Military spouses and transitioning service members sometimes have difficulty with in-state tuition and state licensing procedures as a result of their frequent changes of residence. Working with the General Assembly on the Military Spouses and Veterans Licensure Act allows these spouses and transitioning service members temporary licensure for those who come to the state fully licensed from another state. It also provides an expedited process to obtain that state’s license so that they can begin work without delay while they complete the license application in Georgia. Working with the Board of Regents and their Director of Military Affairs, we offer in-state tuition in Georgia to military personnel, their spouses, and their dependent children stationed in or assigned to Georgia on active duty.

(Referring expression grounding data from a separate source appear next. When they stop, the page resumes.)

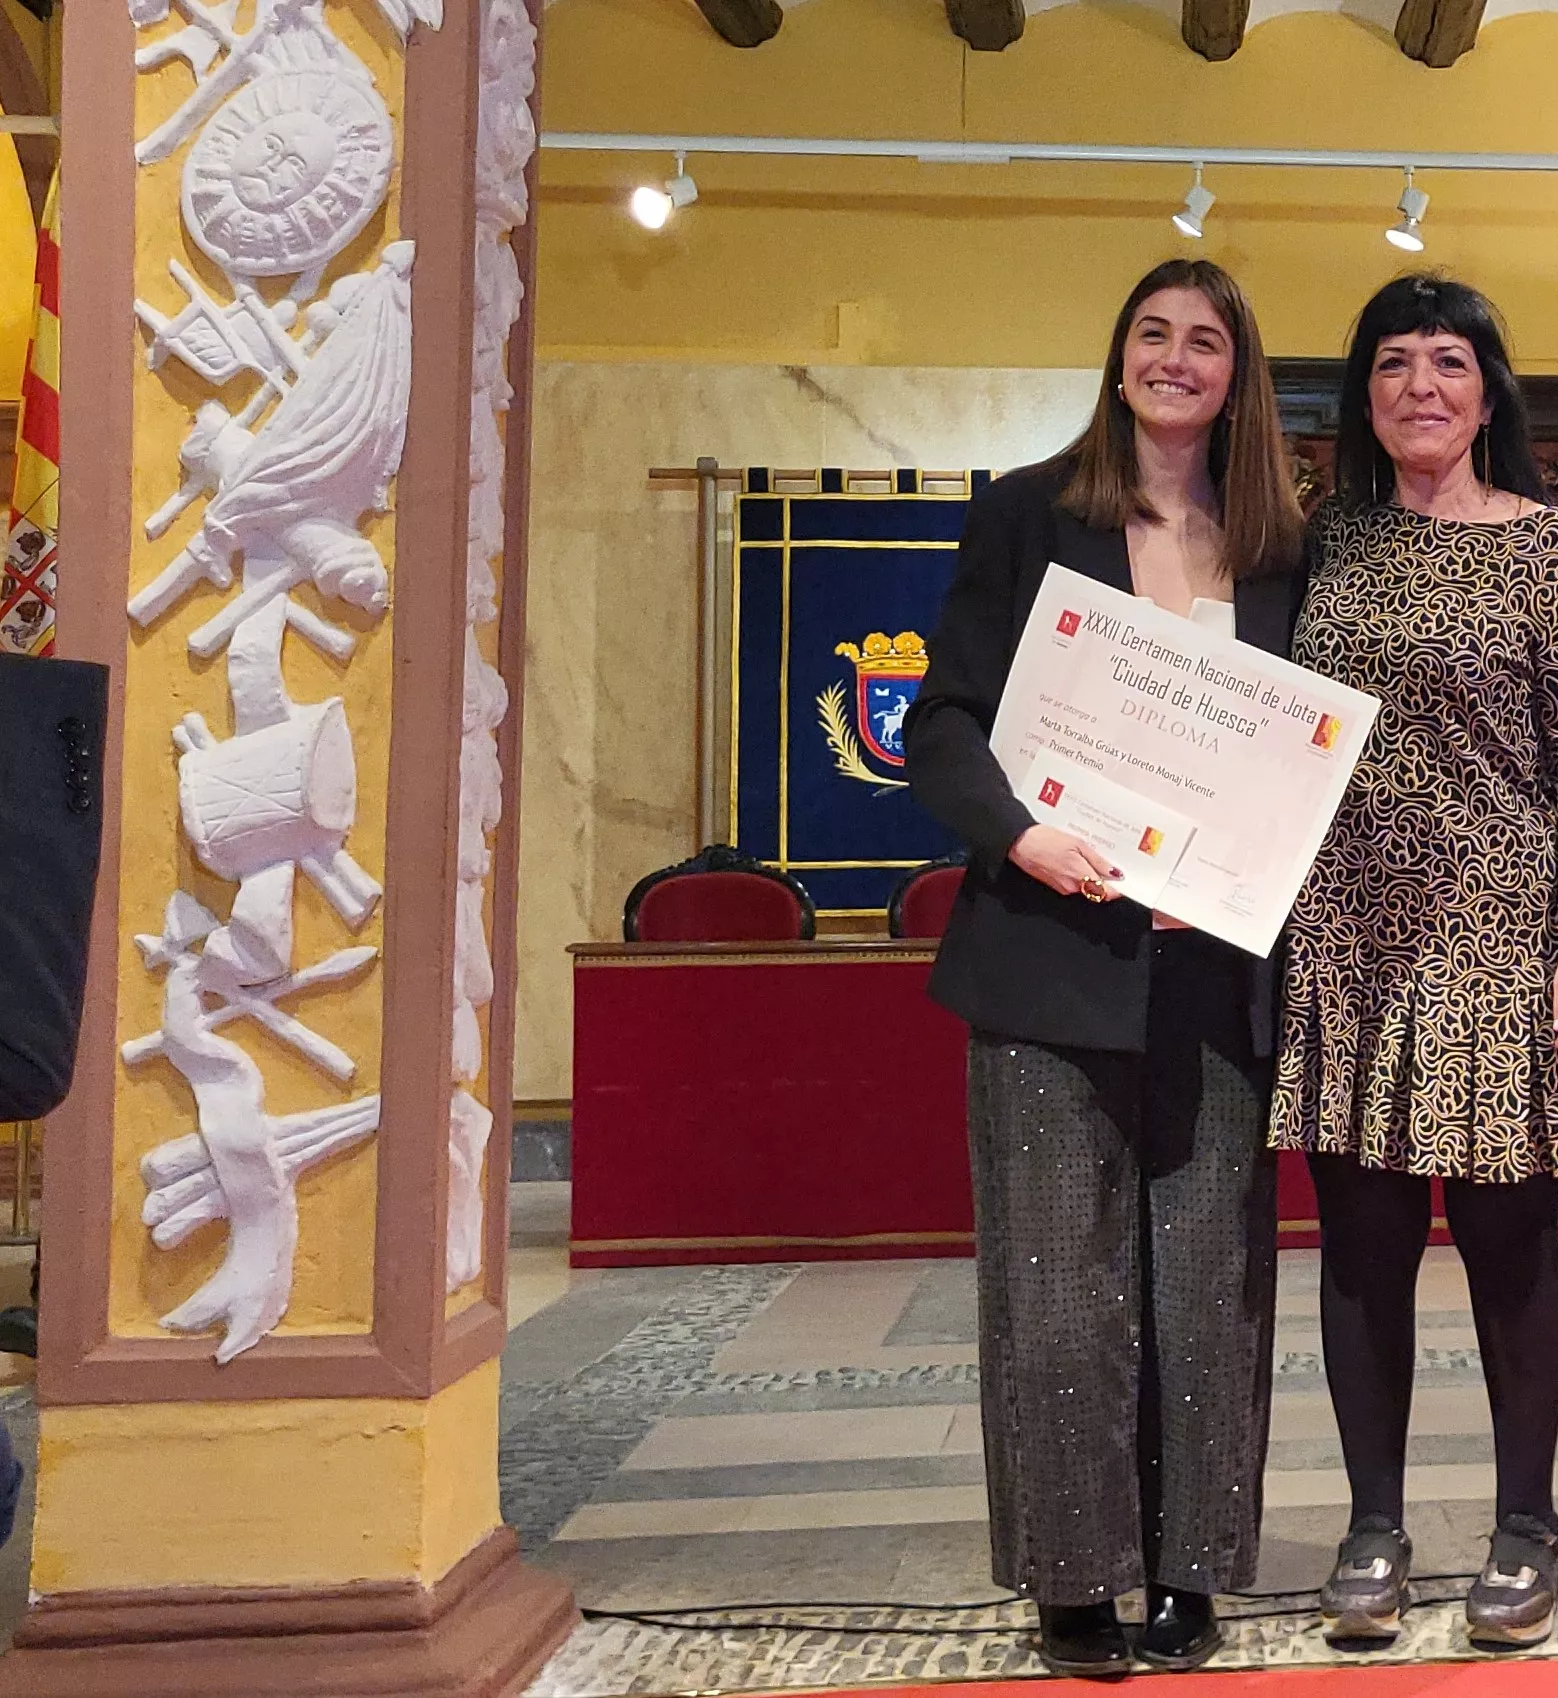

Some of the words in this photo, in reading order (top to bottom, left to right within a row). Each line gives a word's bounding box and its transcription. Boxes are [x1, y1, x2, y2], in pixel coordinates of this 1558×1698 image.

[1082, 608, 1121, 641] XXXII
[1120, 625, 1193, 673] Certamen
[1194, 656, 1262, 701] Nacional
[1260, 686, 1280, 709] de
[1282, 695, 1318, 725] Jota
[1110, 654, 1172, 700] "Ciudad
[1171, 684, 1193, 710] de
[1195, 692, 1270, 738] Huesca"
[1063, 704, 1090, 721] otorga
[1120, 698, 1220, 754] DIPLOMA
[1039, 715, 1062, 733] Marta
[1063, 724, 1094, 747] Torralba
[1119, 751, 1127, 763] y
[1127, 752, 1155, 773] Loreto
[1155, 765, 1184, 787] Monaj
[1184, 776, 1216, 799] Vicente
[1049, 738, 1075, 758] Primer
[1075, 750, 1105, 772] Premio
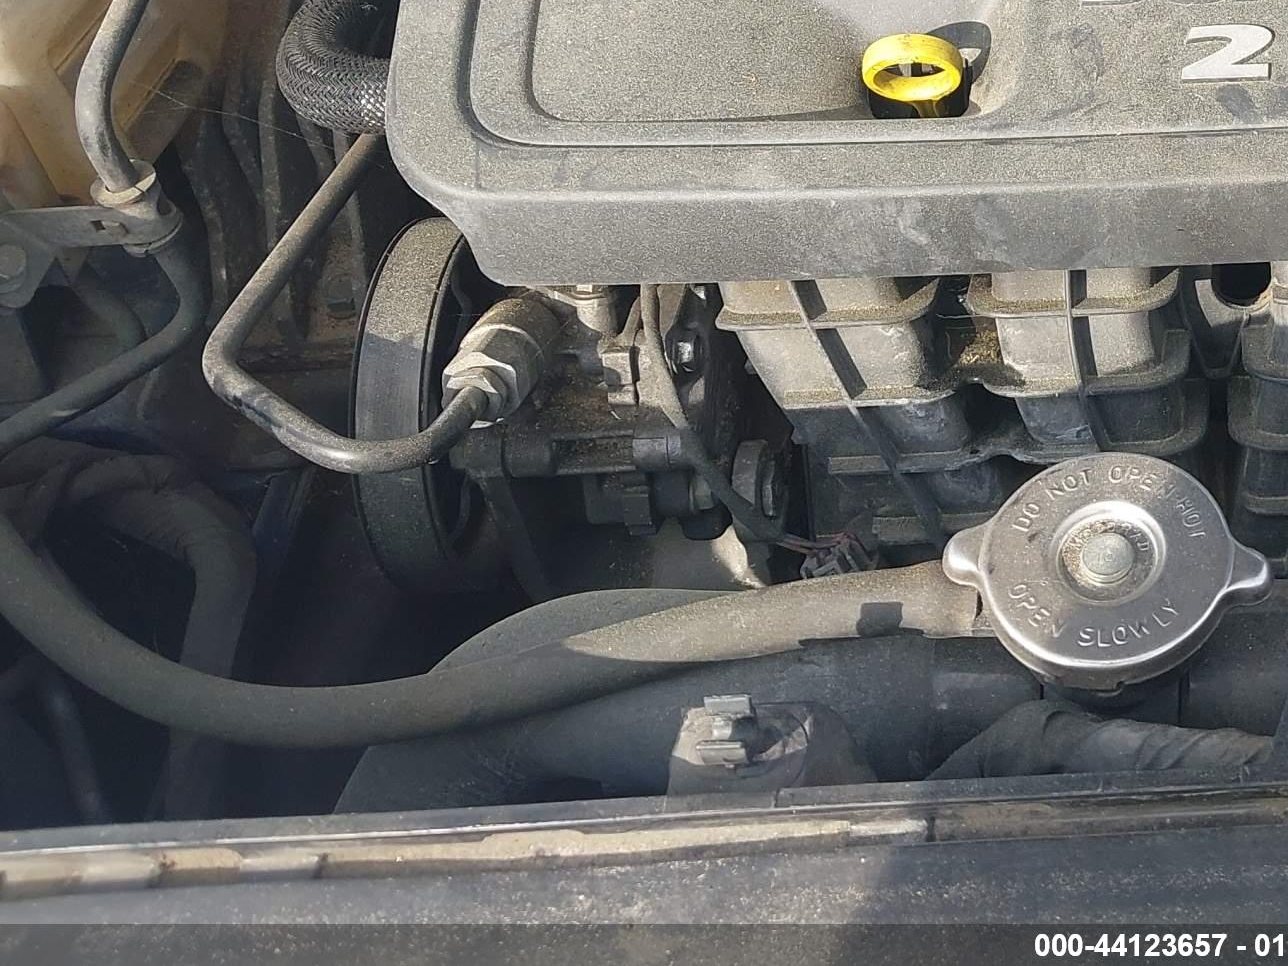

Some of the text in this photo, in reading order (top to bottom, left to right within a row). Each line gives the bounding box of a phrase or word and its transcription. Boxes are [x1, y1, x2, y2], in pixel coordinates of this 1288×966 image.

[1011, 464, 1206, 539] DO NOT OPEN HOT
[1007, 584, 1180, 648] OPEN SLOWLY

A unique benefit for those currently serving in the military is the University System of Georgia institutions’ ability to waive mandatory fees for military members utilizing tuition assistance.
Support for our military extends seamlessly to the veterans who call Georgia home. We have a growing presence of veterans in our state who contribute their leadership, skills, and talents to our companies and in our communities. Operation: Workforce is the state’s veteran and transitioning service member employment initiative, and currently has 6,886 veterans and 997 businesses registered. This program connects current and former service members with the workforce system, and at the same time, Georgia businesses with this skilled workforce. This is accomplished through partnerships with installations, chambers of commerce, our educational institutions, nonprofits, and veteran-centric groups, as well as extensive resources at www.OperationWorkforce.com.
The Georgia Institute of Technology’s highly successful VET² program is based in Savannah, and partners with industry leaders like Gulfstream Aerospace and JCB to provide both classroom and experiential learning experiences for transitioning service members. Georgia Tech and the Georgia Department of Economic Development’s Workforce division joined forces for VET² 101 which aims to quickly build a pipeline of highly qualified transitioning service members for Georgia businesses by taking the in-class portion of VET² and providing an online format in order to serve more veterans.
The University System of Georgia and Technical College System of Georgiajoined forces to develop the Georgia Veteran Education Career Transition Resource Center (VECTR) which will open this summer in Warner Robins. The 32,000-square-foot facility will serve as an academic and workforce gateway for veterans as they prepare for civilian employment and re-enter Georgia’s workforce and systems of higher education.
These and other initiatives are part of my administration’s ongoing commitment to ensuring that the resources of our state are applied effectively and continuously to support our military community. Congress and the Defense Department will be making decisions in the months and years ahead that will surely impact our bases, personnel and the Georgia companies that support them. Although the threat of future base closures and BRAC review is not likely until 2019 or beyond, we are working now to support the military missions, commands, and installations across our state to safeguard a prosperous future for our citizens
On this upcoming Memorial Day, as we honor those service men and women who died in war to keep us safe and secure, let us also remember our duty to our living service members.